__TASK GOAL__. Word for word, and with pictures excluded, copy out all the records that follow.

(Data items)
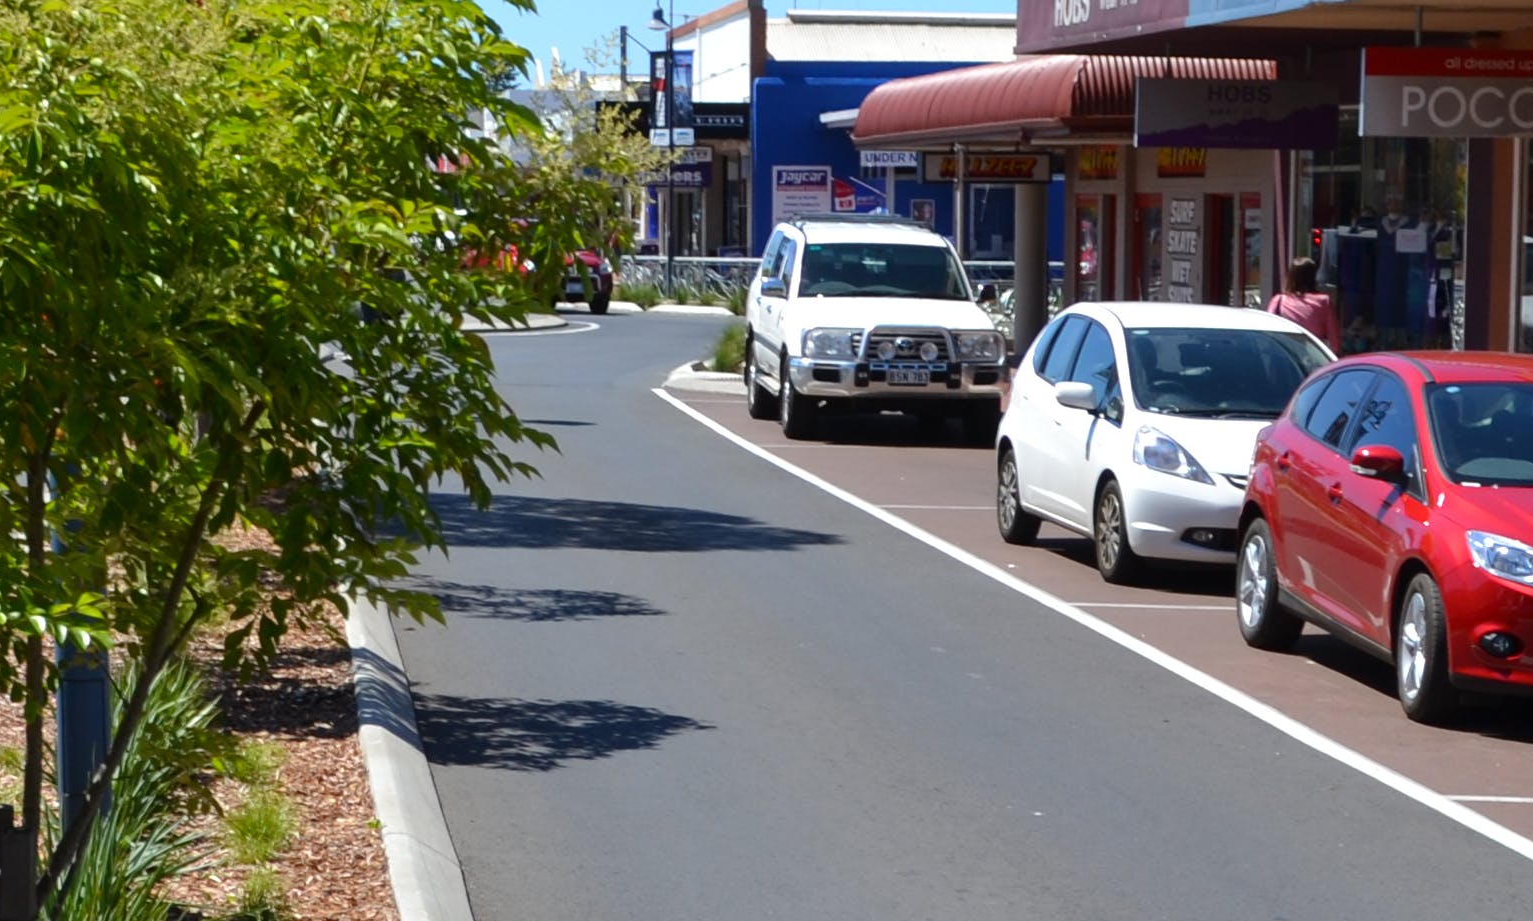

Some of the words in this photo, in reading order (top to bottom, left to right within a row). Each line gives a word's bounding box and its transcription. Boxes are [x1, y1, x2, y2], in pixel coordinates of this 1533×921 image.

[1054, 0, 1091, 27] HOBS
[1444, 57, 1461, 70] all
[1464, 57, 1515, 70] dressed
[1208, 84, 1273, 105] HOBS
[865, 151, 904, 164] UNDER
[1169, 200, 1195, 223] SURF
[1167, 229, 1197, 253] SKATE
[1171, 260, 1192, 282] WET
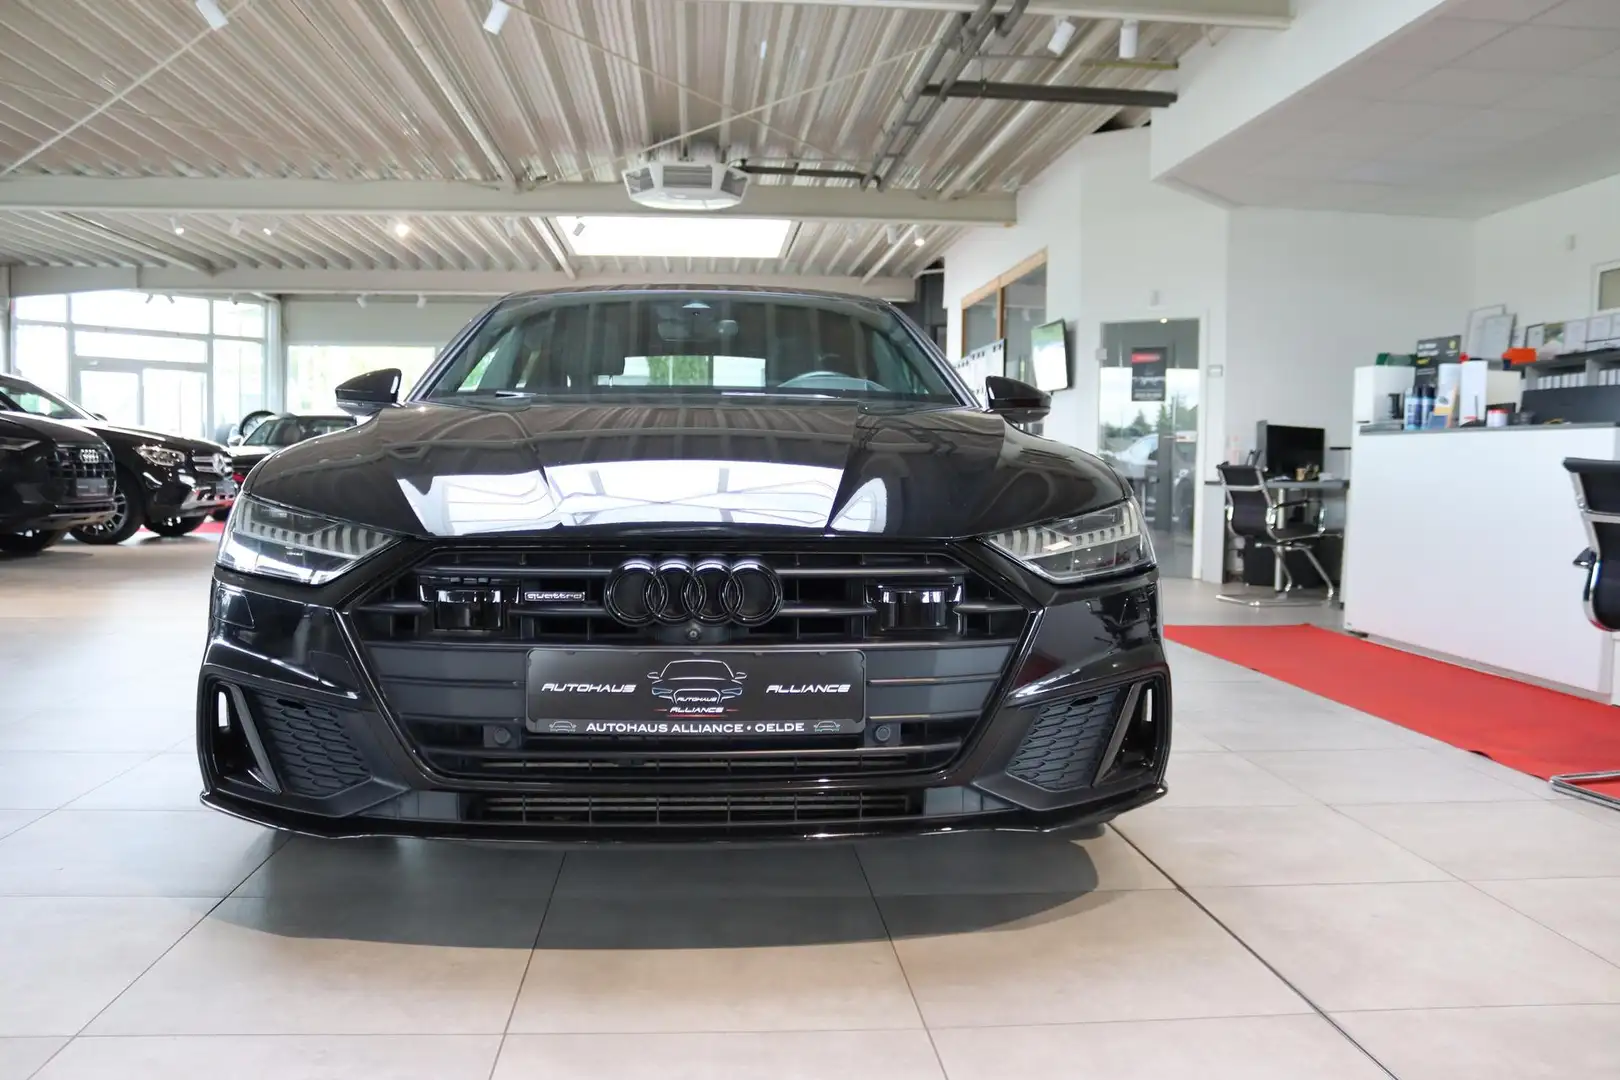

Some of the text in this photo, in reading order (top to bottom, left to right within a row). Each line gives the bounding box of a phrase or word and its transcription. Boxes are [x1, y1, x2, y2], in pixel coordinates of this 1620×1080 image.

[527, 592, 582, 600] quattro
[541, 682, 638, 693] AUTOHAUS
[765, 683, 852, 694] ALLIANCE
[585, 722, 805, 733] AUTOHAUS ALLIANCE OELDE
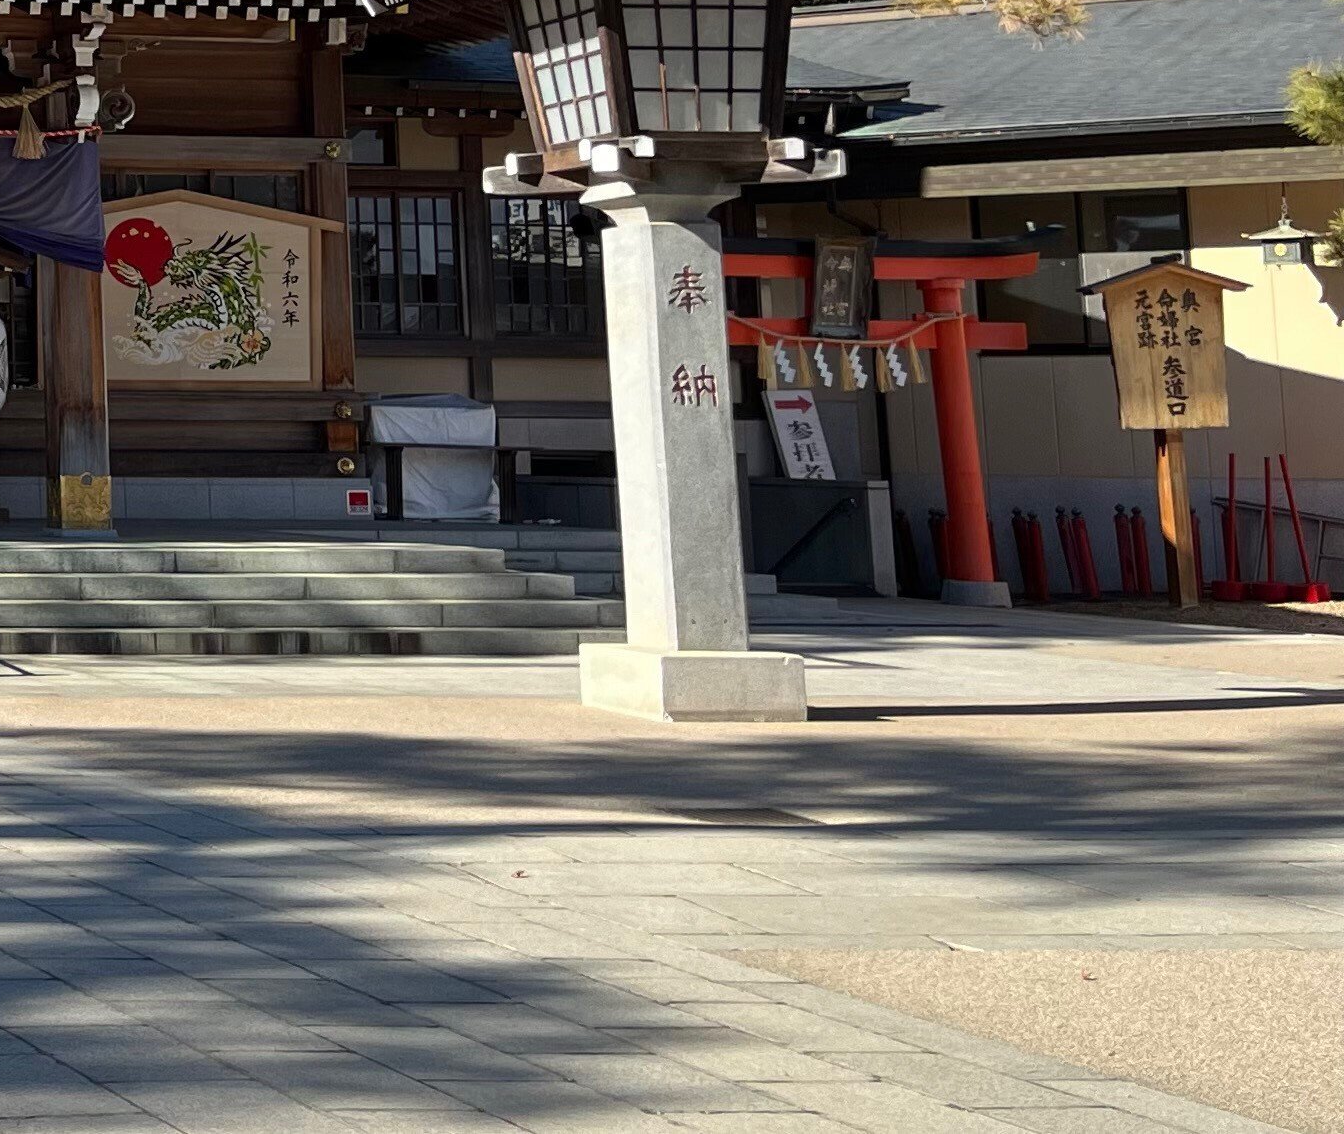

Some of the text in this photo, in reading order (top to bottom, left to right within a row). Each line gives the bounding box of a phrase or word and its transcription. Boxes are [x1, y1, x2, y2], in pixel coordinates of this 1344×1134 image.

[281, 248, 300, 328] 令和六年
[1155, 288, 1182, 349] 命婦社
[668, 265, 718, 407] 奉納
[1134, 289, 1159, 349] 元宮跡
[1162, 355, 1190, 416] 参道口
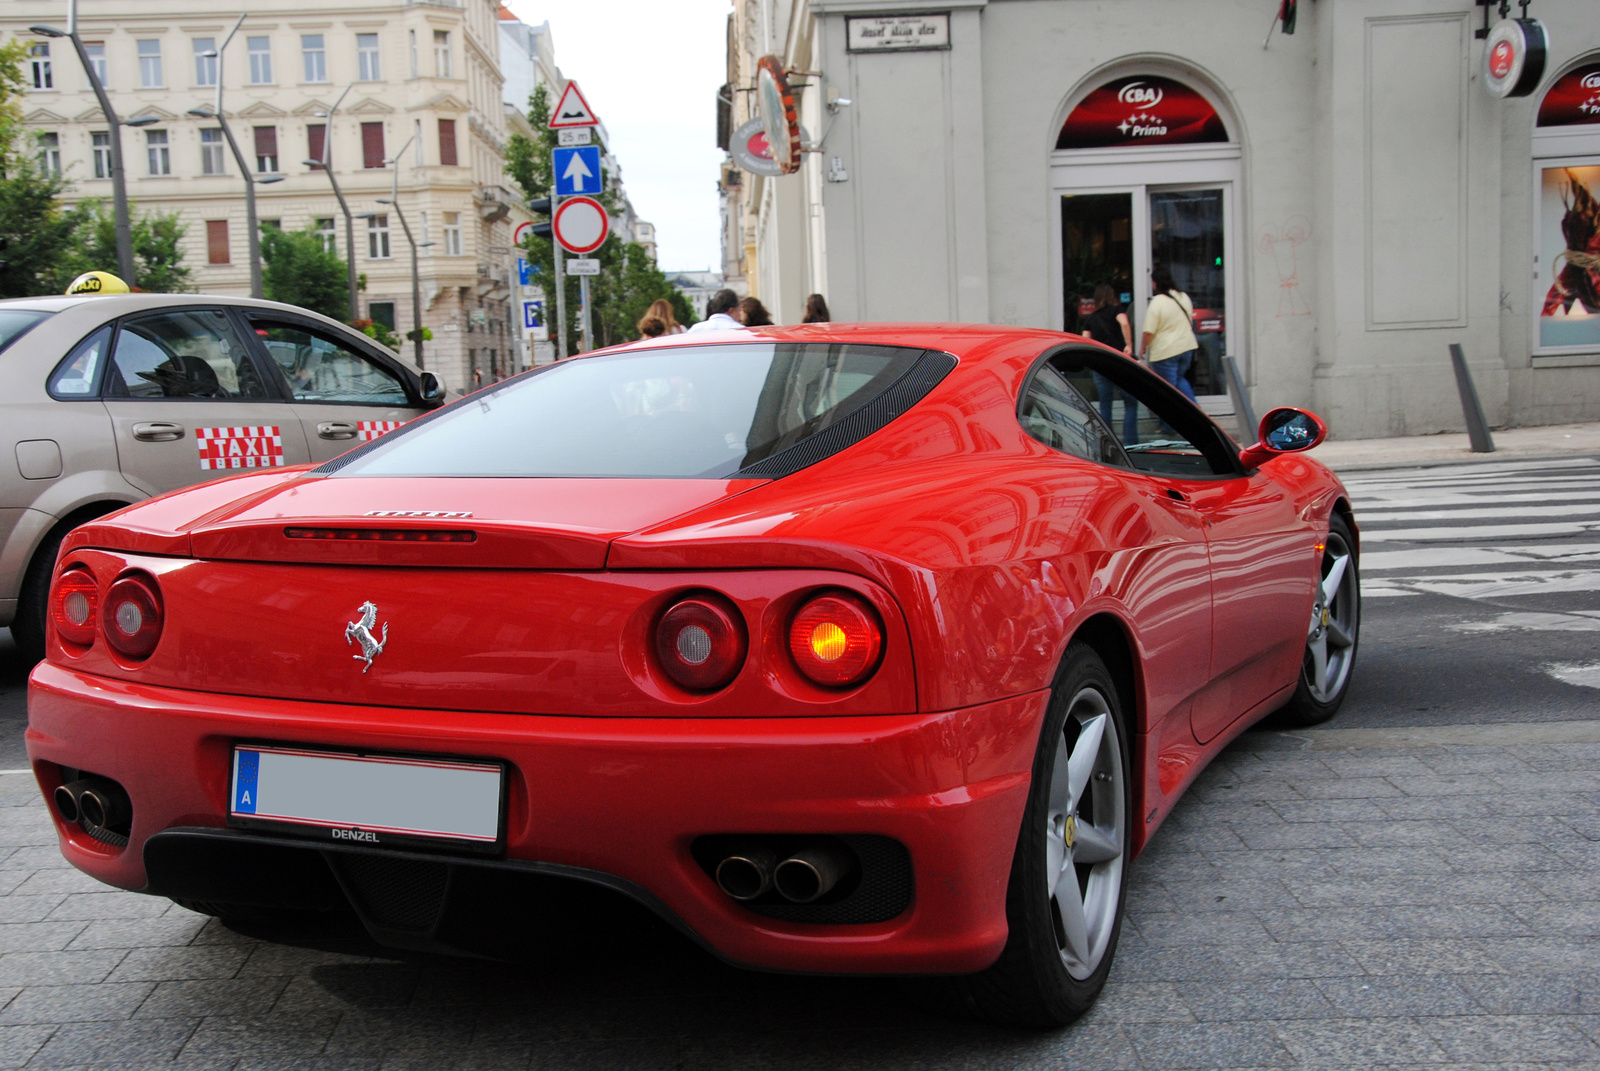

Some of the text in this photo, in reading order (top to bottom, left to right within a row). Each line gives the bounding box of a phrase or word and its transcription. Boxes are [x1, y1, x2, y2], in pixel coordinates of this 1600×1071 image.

[1125, 88, 1156, 103] CBA
[562, 132, 588, 142] 25 m
[213, 438, 269, 457] TAXI
[241, 790, 251, 804] A
[331, 828, 380, 843] DENZEL

__REPLY TO THE EXERCISE__.
Some of the words in this photo, in reading order (top to bottom, left to right within a row). Each line gives a word's bounding box and its transcription. Boxes are [x1, y1, x2, y2], in pixel coordinates of this 1533×921 image.

[1054, 0, 1091, 27] HOBS
[1444, 57, 1461, 70] all
[1464, 57, 1515, 70] dressed
[1208, 84, 1273, 105] HOBS
[865, 151, 904, 164] UNDER
[1169, 200, 1195, 223] SURF
[1167, 229, 1197, 253] SKATE
[1171, 260, 1192, 282] WET

Some of the text in this photo, in reading order (top to bottom, left to right within a row). Each line gives the bounding box of a phrase or word and its transcription. Boxes are [x1, y1, x2, y2], in pixel coordinates of this 1620×1080 image.

[527, 592, 582, 600] quattro
[541, 682, 638, 693] AUTOHAUS
[765, 683, 852, 694] ALLIANCE
[585, 722, 805, 733] AUTOHAUS ALLIANCE OELDE

Some of the text in this photo, in reading order (top to bottom, left to right within a row). Each line gives the bounding box of a phrase or word and its transcription. Boxes are [x1, y1, x2, y2], in pixel coordinates of this 1344×1134 image.

[281, 248, 300, 328] 令和六年
[1155, 288, 1182, 349] 命婦社
[668, 265, 718, 407] 奉納
[1134, 289, 1159, 349] 元宮跡
[1162, 355, 1190, 416] 参道口

Some of the text in this photo, in reading order (top to bottom, left to right within a row). Each line gives the bounding box of a phrase or word and its transcription. Boxes are [x1, y1, x2, y2], in pixel coordinates of this 1600×1071 image.

[1125, 88, 1156, 103] CBA
[562, 132, 588, 142] 25 m
[213, 438, 269, 457] TAXI
[241, 790, 251, 804] A
[331, 828, 380, 843] DENZEL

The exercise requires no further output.